▸ What needs to be done
From the line with "this 1920×1080 image." through the final line, please write out the listing exactly, including both of those lines.

▸ Material for this exercise
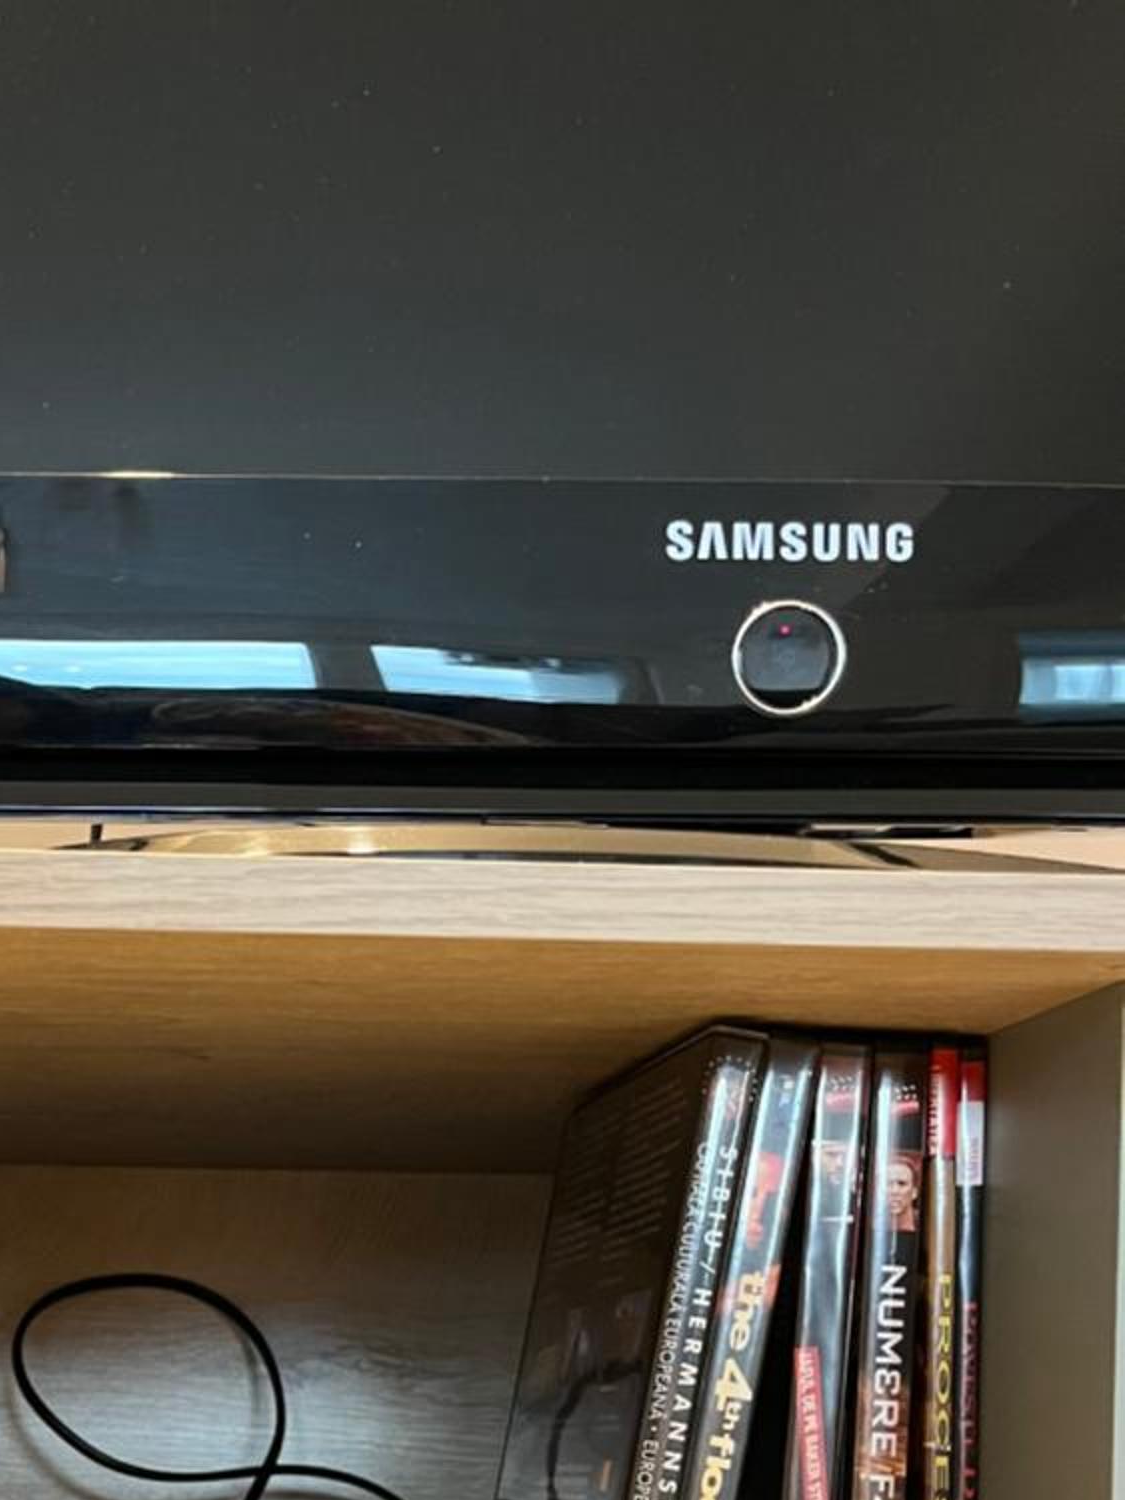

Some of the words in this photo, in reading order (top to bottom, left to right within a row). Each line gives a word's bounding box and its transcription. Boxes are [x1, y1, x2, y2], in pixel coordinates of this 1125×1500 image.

[665, 519, 914, 562] SAMSUNG
[703, 1145, 739, 1248] SIBIU
[729, 1270, 766, 1350] the
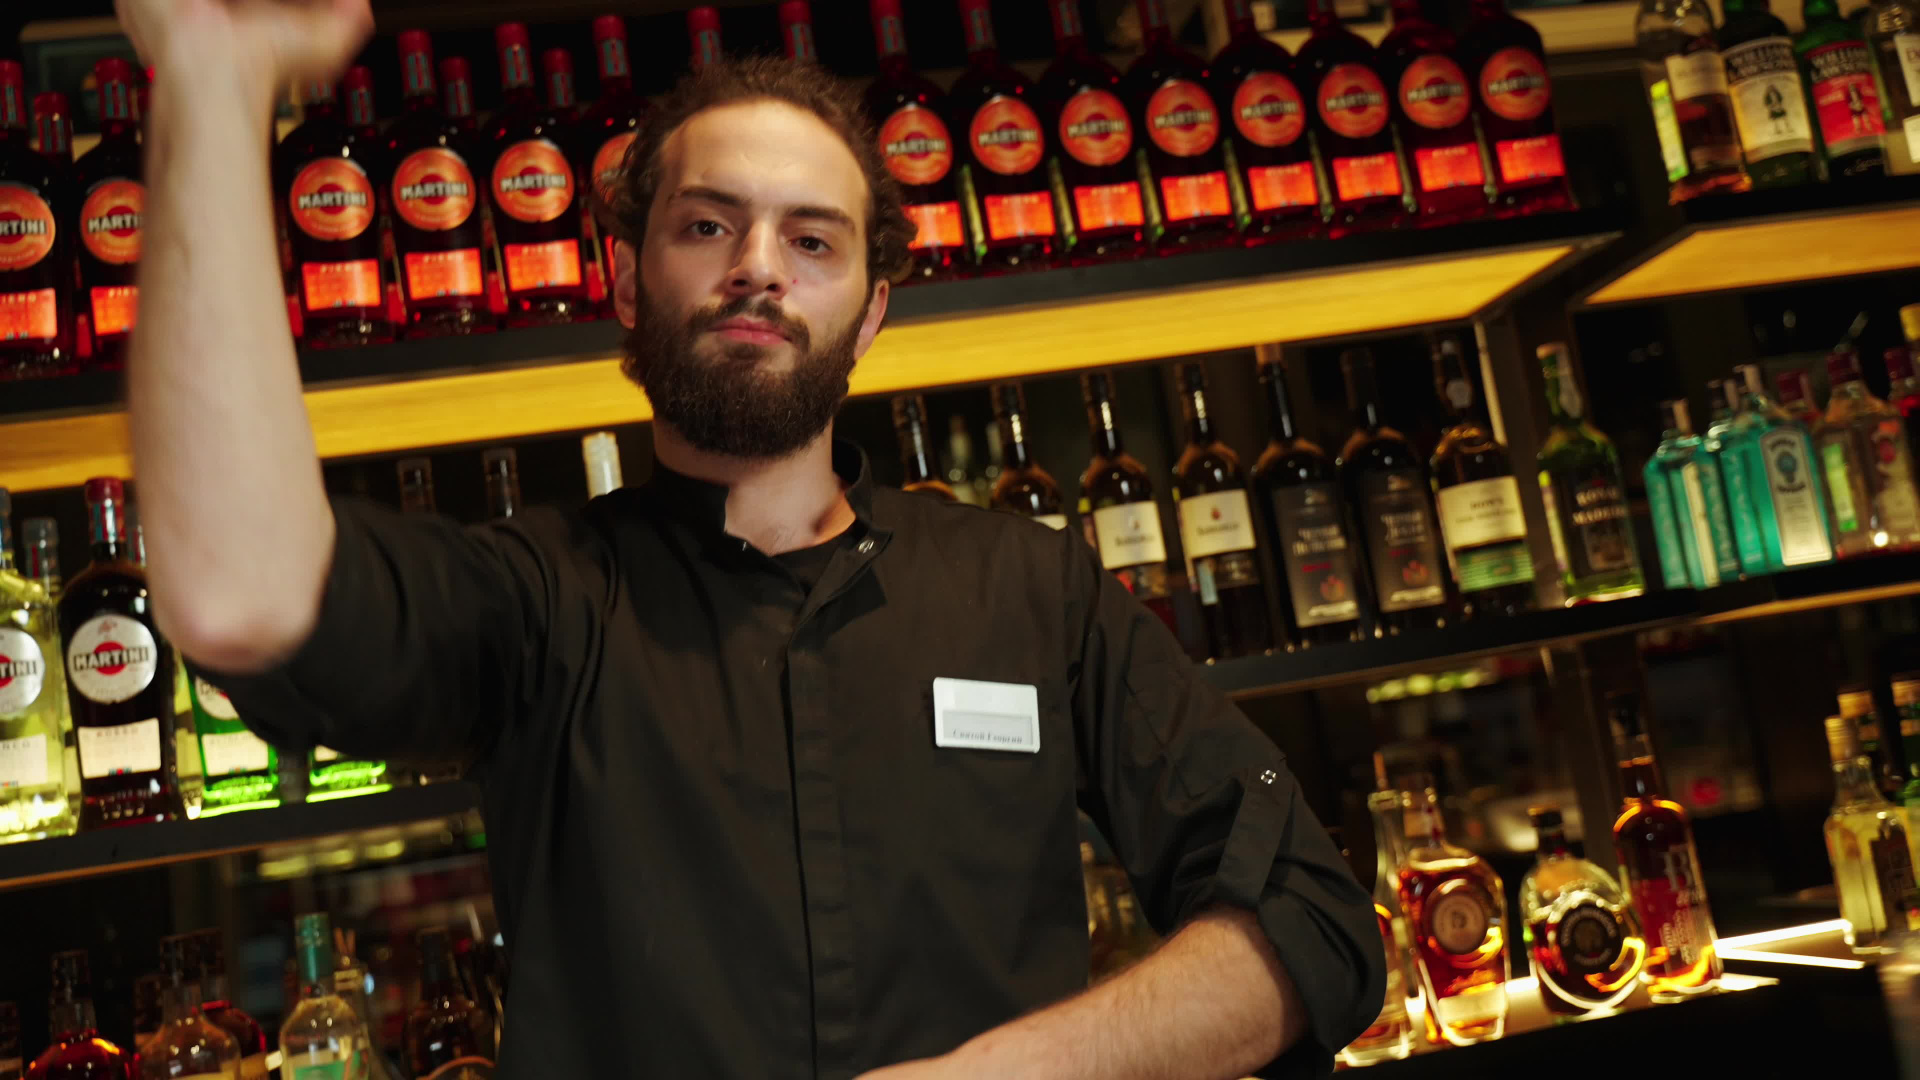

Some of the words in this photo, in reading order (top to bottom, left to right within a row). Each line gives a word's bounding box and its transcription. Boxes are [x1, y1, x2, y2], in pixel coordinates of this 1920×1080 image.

[1154, 109, 1213, 128] MARTINI
[978, 128, 1038, 146] MARTINI
[1068, 119, 1126, 137] MARTINI
[886, 139, 947, 156] MARTINI
[401, 181, 468, 200] MARTINI
[501, 173, 566, 192] MARTINI
[298, 191, 367, 209] MARTINI
[0, 219, 47, 236] RTINI
[88, 214, 141, 233] MARTI
[73, 647, 149, 672] MARTINI
[0, 660, 37, 678] TINI

▸ Completed task
Some of the words in this photo, in reading order (top to bottom, left to right within a row). Each line gives a word's bounding box and its transcription. Boxes are [x1, y1, x2, y2], in pixel coordinates of this 1920×1080 image.

[1154, 109, 1213, 128] MARTINI
[978, 128, 1038, 146] MARTINI
[1068, 119, 1126, 137] MARTINI
[886, 139, 947, 156] MARTINI
[401, 181, 468, 200] MARTINI
[501, 173, 566, 192] MARTINI
[298, 191, 367, 209] MARTINI
[0, 219, 47, 236] RTINI
[88, 214, 141, 233] MARTI
[73, 647, 149, 672] MARTINI
[0, 660, 37, 678] TINI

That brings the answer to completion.